Scientific classification
- Kingdom: Animalia
- Phylum: Chordata
- Class: Reptilia
- Order: Squamata
- Family: Scincidae
- Genus: Austroablepharus
- Species: A. barrylyoni
- Binomial name: Austroablepharus barrylyoni Couper, Limpus, McDonald & Amey, 2010
- Synonyms: Proablepharus barrylyoni Couper, Limpus, McDonald & Amey, 2010; Austroablepharis — Couper, Hoskin, Potter, Bragg & Moritz, 2018;

= Lyon's snake-eyed skink =

- Genus: Austroablepharus
- Species: barrylyoni
- Authority: Couper, Limpus, McDonald & Amey, 2010
- Conservation status: CR
- Synonyms: Proablepharus barrylyoni , Couper, Limpus, McDonald & Amey, 2010, Austroablepharis , — Couper, Hoskin, Potter, Bragg & Moritz, 2018

Species of lizard

Lyon's snake-eyed skink (Austroablepharus barrylyoni) is a species of lizard in the family Scincidae.
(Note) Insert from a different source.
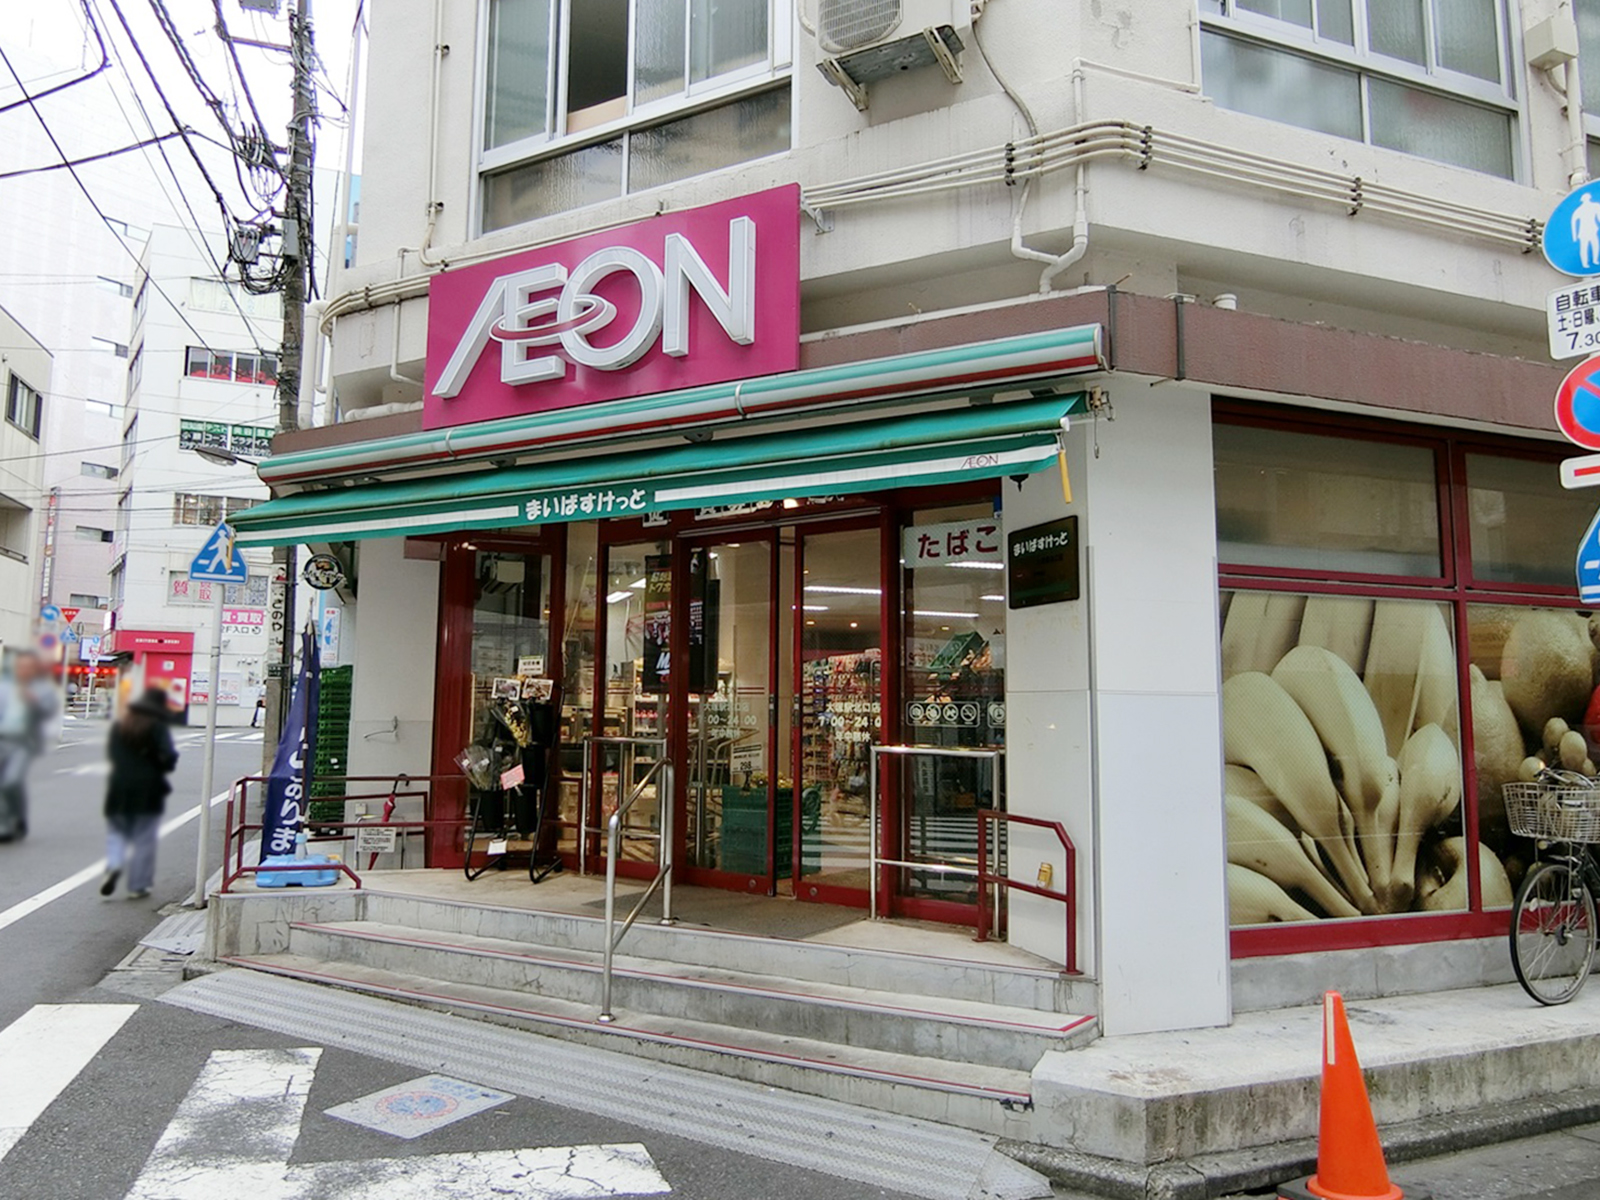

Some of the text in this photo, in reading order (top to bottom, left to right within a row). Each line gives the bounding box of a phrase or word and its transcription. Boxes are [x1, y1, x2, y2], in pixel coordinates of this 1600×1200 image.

[525, 487, 647, 520] まいばすけっと
[918, 526, 998, 559] たばこ
[1013, 531, 1068, 557] まいばすけっと
The species is endemic to Queensland in Australia.

==Etymology==
The specific name, barrylyoni, is in honour of Australian wildlife conservationist Barry Lyon, who is the ranger in charge of the Steve Irwin Wildlife Reserve.

==Habitat==
The preferred natural habitat of A. barrylyoni is grassland.

==Description==
A. barrylyoni may attain a snout-to-vent length (SVL) of 5 cm. Its dorsal body pattern consists of alternating dark and light stripes. The tail is red/orange in adults.

==Reproduction==
The mode of reproduction of A. barrylyoni is unknown.